A hilly site, gardens, orchards, and green slopes, houses scattered at random among chestnuts and elders, and a general suspicion of Czechish carelessness, give to Willenz a touch of the picturesque: at least, when seen as I saw it, with the morning dew yet glistening on thatch, and flowers, and branches. Cherry-trees form a continuous avenue up the hill beyond, and here and there huts of fir branches were built against a stem, to shelter the guard set to watch the ripened fruit, and gatherers were busy aloft. You may pluck a cherry now and then with impunity; but not from the trees marked by a wisp of straw twisted round a conspicuous branch, for of those the fruit is sold, and the watchman eyes them jealously.

Coming to the brow of the hill, I saw what seemed a giant standing on a high bank above the road. It was the grizzly peasant magnified through a thin haze. As soon as he saw me he came plunging down the bank, gave me a cheerful "Gut' Morgen," seized my hand, and said, "I have been waiting long to see you. I talk gladly with such as you, and could not let you go without asking whether you will come back this way. If so, then pray come to my house for a night. It is not far from Schloss Petersburg. We will make you comfortable."

To return by the same road was no part of my plan, and when I told him so, the old man's countenance fell; he pressed my hand tighter, and cried, with a tone of disappointment, "Is it true? Ah! my wife will be so sorry. I told her what you said, and she wanted to see you as much as I."

As there was no help for it, we had another talk, he all the while holding my hand as if fearful I should escape. The burden of his discourse was "a good time coming," mingled, however, with a dread that when it came it would not be half so desirable as the good old times, and between the past and future his life was a torment.

"Whether you shall be miserable or not," I answered, "depends more on yourself than on the rulers of Bohemia. Why should a man grumble who has a house, and food, and land to cultivate? Only carry your enjoyments home instead of consuming them by the way, and cheerfulness will be there to gladden your wife as well as you."

"Yes; but in the old times——"

I bade him good-bye, and pursued my walk. Turning round just over the brow of the hill, I saw him still in the same spot, gazing after me. "Farewell, good friend!" he shouted, and strode away.

Half an hour later I came to a road-mender, who told me he earned twenty kreutzers a day, and was quite content therewith. He had a wife and child; never ate meat or drank beer; lived mostly on potatoes, and was, nevertheless, strong and healthy, and by no means inclined to quarrel with his lot. The road was a constant source of employment; and if at times bad weather kept him at home for a day or two, his pay went on all the same.

I mentioned my interview with the old peasant. "Ah!" he answered, laughing, "it is always so. No grumbler like a Bauer. All the world knows that peasants think everybody better off than themselves"—and down came his hammer with crashing force on a lump of granite. Wayside philosophy clearly had the best of it, and heartily approved the fable of the Mountain of Miseries which I narrated.

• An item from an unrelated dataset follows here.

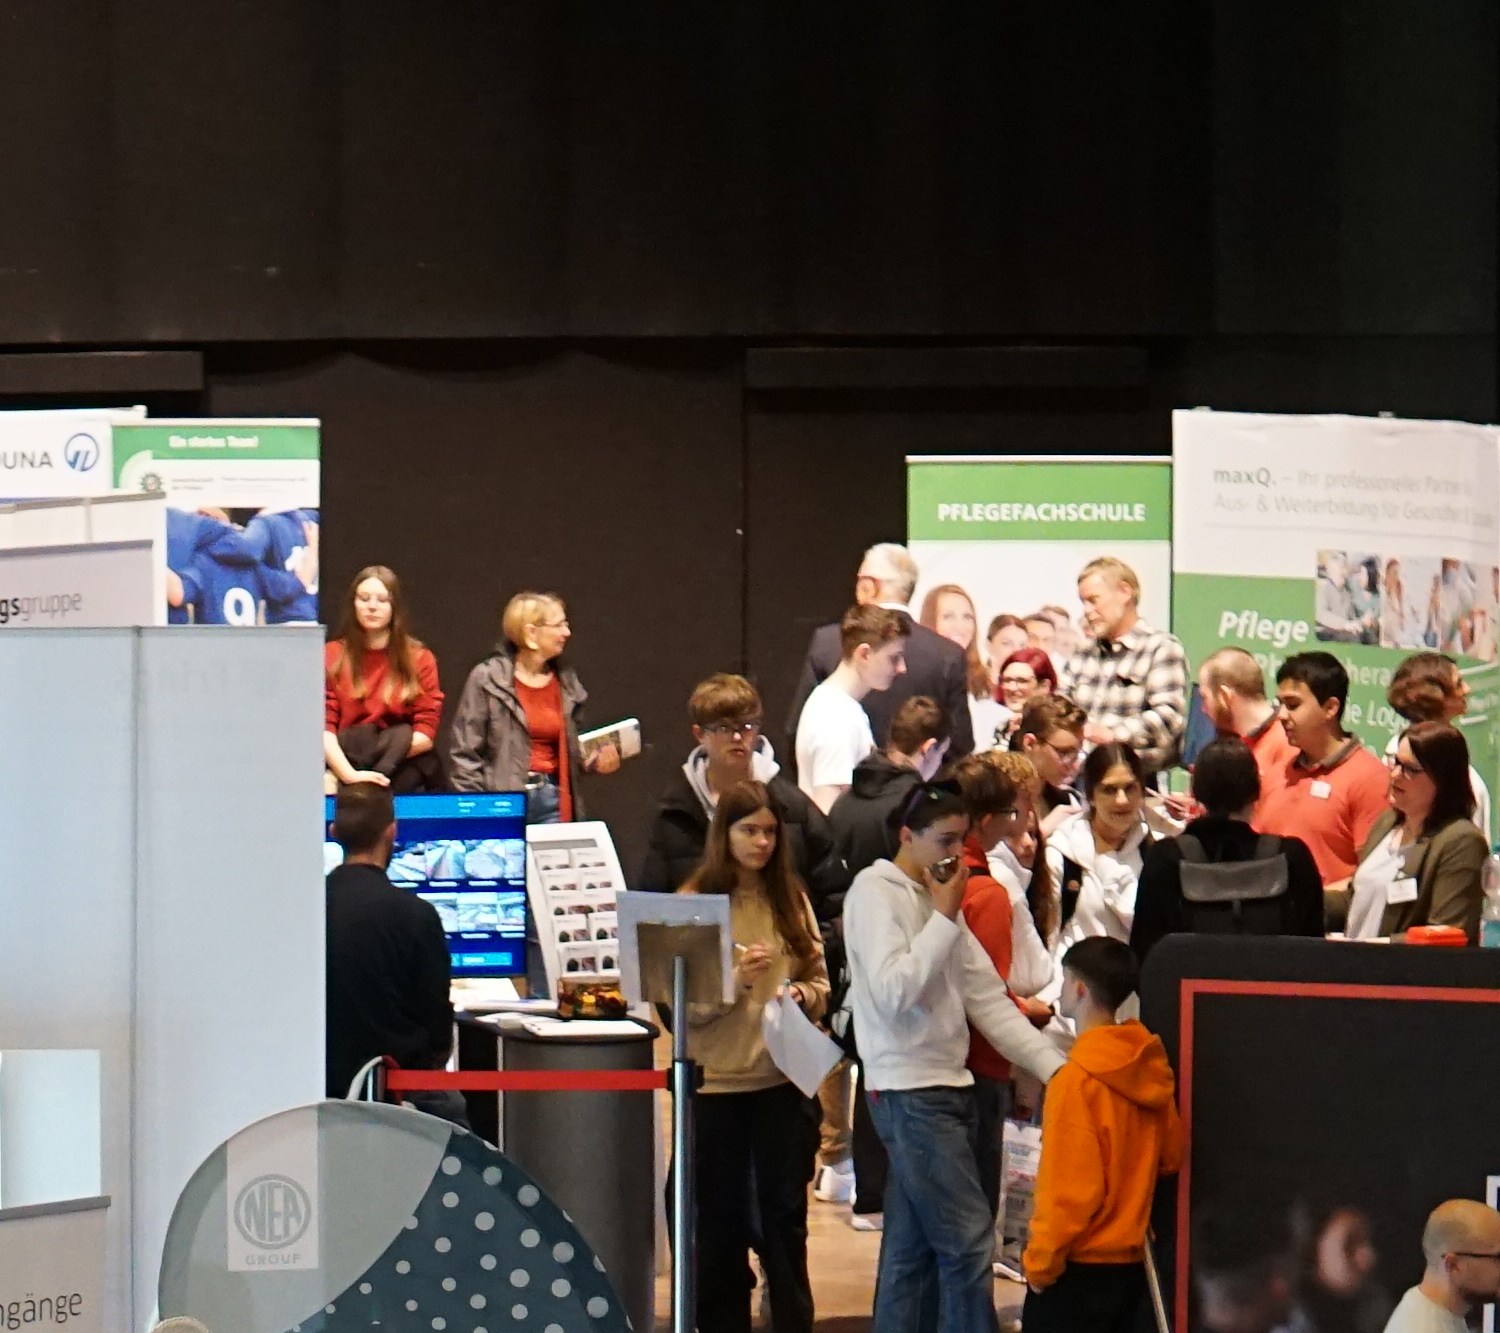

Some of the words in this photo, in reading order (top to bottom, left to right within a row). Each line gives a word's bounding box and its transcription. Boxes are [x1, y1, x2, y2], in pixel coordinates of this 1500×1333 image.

[937, 501, 1147, 523] PFLEGEFACHSCHULE
[1218, 610, 1311, 650] Pflege
[245, 1183, 302, 1242] NEA

Every mile brings us more and more among the Czechs. Oval faces and arched eyebrows become more numerous, and women's talk sounds shrill and shrewish, as if angry or quarrelsome, as is remarked of the women in Caernarvonshire; and yet it is nothing more than friendly conversation. To a stranger the language sounds as unmusical as it is difficult; and to learn it—you may as well hope to master Chinese. Czechish names and handbills appear on the walls; the names of villages, with the usual topographical particulars, are written up in German and Czechish, of which behold a specimen:

Ort und Gemeinde. Misto Á Obec.
Horzowitz.
Bezirk Jechnitz. Okres Jesenice.
Kreis Saaz. KrÁi ZatÉc.
KÖnigr. BÖhm. Kral: CeskÉ.

In some of the villages no one but the landlord of the best inn can speak German, and you have only your eyes by which to study the natives and their ways. For my own part, my Czechish vocabulary being foolishly short, I could not ask the villagers why they preferred sluttishness to tidiness, though I longed to do so. It comprised three words only: Piwo, Chleb, MÁslo—Beer, Bread, Butter.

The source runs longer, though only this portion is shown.